Ces pattes d'épaule pour hommes du rang de la Leibstandarte SS Adolf Hitler (LSSAH) représentent un exemple significatif de l'équipement d'uniforme de l'une des formations les plus connues de la Waffen-SS pendant la Seconde Guerre mondiale. Datées d'environ 1940/41, ces pattes d'épaule se caractérisent par leur couleur de base noire avec un passepoil blanc et le monogramme brodé “LAH”.
La Leibstandarte SS Adolf Hitler fut initialement fondée en 1933 comme garde du corps personnelle d'Adolf Hitler et évolua au fil des années pour devenir une division militaire à part entière. Sous la direction de Josef “Sepp” Dietrich, la formation passa d'une petite unité de garde à un régiment, puis finalement à une division blindée. La période 1940/41, à laquelle ces pattes d'épaule sont datées, marque une phase de transition importante dans l'histoire de l'unité.
Les règlements d'uniforme de la Waffen-SS suivaient des directives spécifiques établies dans diverses instructions de service et règlements vestimentaires. Les pattes d'épaule noires avec passepoil blanc identifiaient le porteur comme appartenant à l'Infanterie. Le code couleur des branches d'armes fut adopté de la Wehrmacht : le blanc représentait traditionnellement l'infanterie, tandis que d'autres branches portaient des couleurs différentes - par exemple, le rose pour les unités blindées ou le rouge pour l'artillerie.
Le monogramme brodé “LAH” sur ces pattes d'épaule est une caractéristique particulière qui identifiait clairement les porteurs comme membres de la Leibstandarte. Cette pratique était courante dans la LSSAH et la distinguait des autres unités SS, qui portaient généralement des numéros de régiment ou d'autres identifications. La Leibstandarte jouissait d'un statut spécial au sein de la SS en tant qu'unité d'élite, ce qui se reflétait dans de tels éléments d'uniforme distinctifs.
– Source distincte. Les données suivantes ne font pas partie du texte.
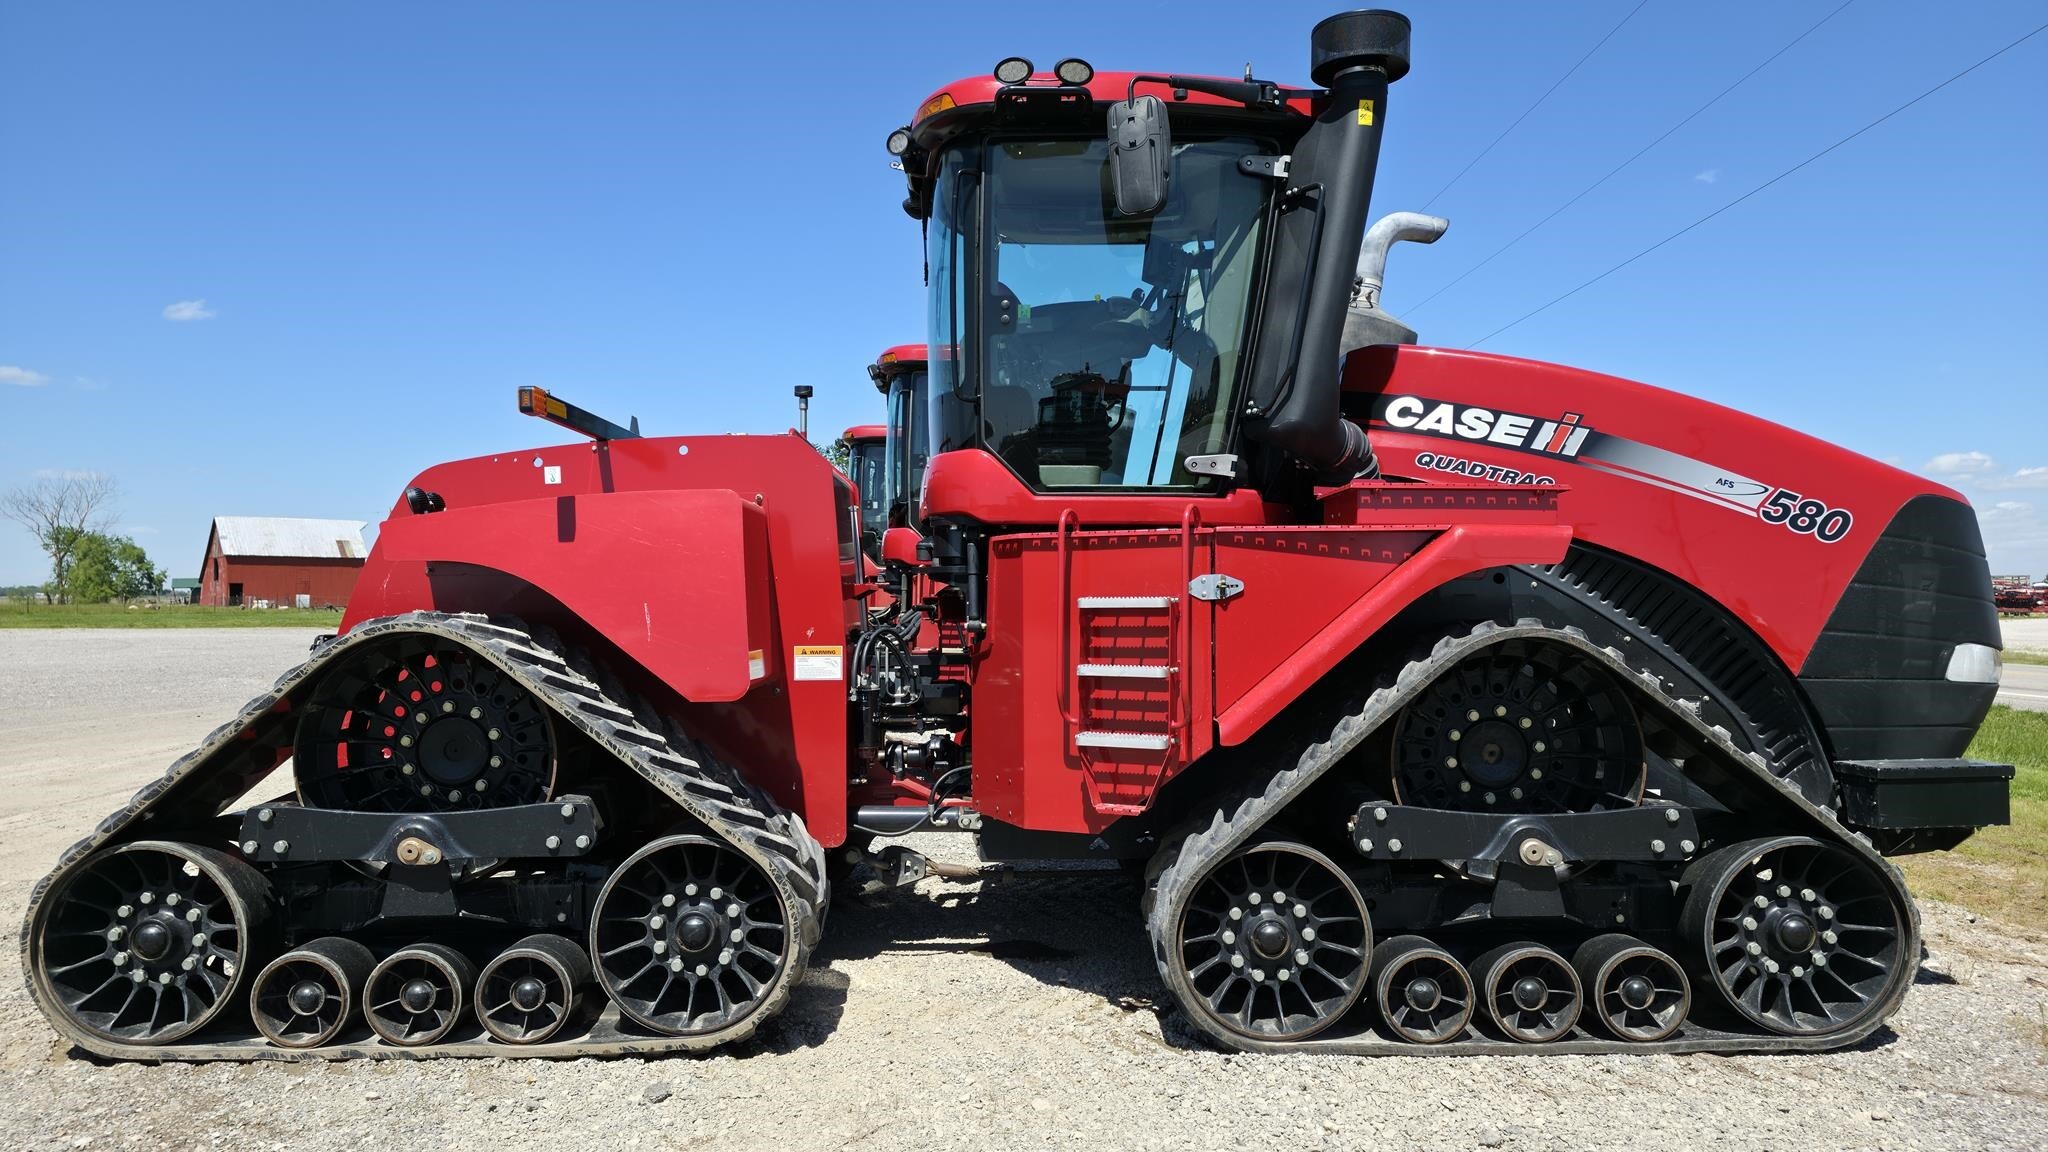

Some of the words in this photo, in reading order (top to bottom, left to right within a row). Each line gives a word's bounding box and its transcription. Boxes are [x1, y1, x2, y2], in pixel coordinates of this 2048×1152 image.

[1385, 396, 1534, 446] CASE
[1716, 477, 1735, 489] AFS
[1760, 488, 1853, 543] 580
La production des pattes d'épaule était effectuée par divers fabricants privés qui recevaient des contrats de l'administration SS. La qualité et l'exécution pouvaient donc varier, ce qui explique pourquoi les pattes d'épaule décrites ici proviennent du même porteur mais ne sont pas parfaitement appariées. Cela n'était pas inhabituel dans la pratique, surtout lorsque des pièces de remplacement devaient être achetées ou que différents lots de production étaient utilisés.
Durant la période 1940/41, la Leibstandarte était dans une phase d'activité militaire intense. Après la campagne de l'Ouest de 1940 et avant le début de l'opération Barbarossa en juin 1941, l'unité fut réorganisée et renforcée. Les règlements d'uniforme furent ajustés plusieurs fois durant cette période, et il y eut des périodes de transition pendant lesquelles différentes variantes d'uniformes étaient portées simultanément.
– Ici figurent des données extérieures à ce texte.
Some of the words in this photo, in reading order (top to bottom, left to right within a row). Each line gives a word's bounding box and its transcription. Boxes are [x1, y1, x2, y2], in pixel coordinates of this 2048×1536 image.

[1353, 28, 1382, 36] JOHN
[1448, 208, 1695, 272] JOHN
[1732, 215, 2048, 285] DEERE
Le mode de port des pattes d'épaule se faisait sur la tunique de campagne noire SS ou sur les uniformes gris de campagne ultérieurs. Elles étaient fixées à l'épaule au moyen de boucles et sécurisées avec des boutons. L'état légèrement porté de ces exemplaires indique qu'elles furent effectivement utilisées en service mais n'ont pas connu d'utilisation intensive au front.
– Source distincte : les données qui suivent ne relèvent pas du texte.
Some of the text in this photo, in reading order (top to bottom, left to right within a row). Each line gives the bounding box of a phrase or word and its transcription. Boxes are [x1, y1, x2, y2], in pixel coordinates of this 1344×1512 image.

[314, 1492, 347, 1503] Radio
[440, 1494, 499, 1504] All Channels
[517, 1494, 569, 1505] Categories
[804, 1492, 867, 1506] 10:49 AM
D'un point de vue historique, de telles pièces d'uniforme sont des témoins matériels significatifs d'une période sombre de l'histoire allemande. La Waffen-SS et en particulier la Leibstandarte furent impliquées dans de nombreux crimes de guerre. Des objets comme ceux-ci servent aujourd'hui de sources matérielles pour l'étude de l'histoire militaire et de l'uniformologie, mais doivent toujours être considérés dans le contexte des crimes du régime nazi.
La provenance de propriété privée directe, accompagnée d'un brassard de manche, confère à ces pièces une valeur documentaire particulière. De tels ensembles cohérents sont relativement rares et permettent de tirer des conclusions sur l'équipement des soldats individuels. La rareté de telles pièces résulte à la fois de la destruction ciblée des objets nazis après la fin de la guerre et de l'usure naturelle et des pertes au fil des décennies.
Pour la recherche historique militaire, de tels objets fournissent des aperçus importants sur la culture matérielle de la Wehrmacht et de la Waffen-SS, les méthodes de production, les habitudes vestimentaires et l'organisation des unités militaires. Ils complètent les sources écrites et le matériel photographique et aident à dresser un tableau plus complet de la réalité historique.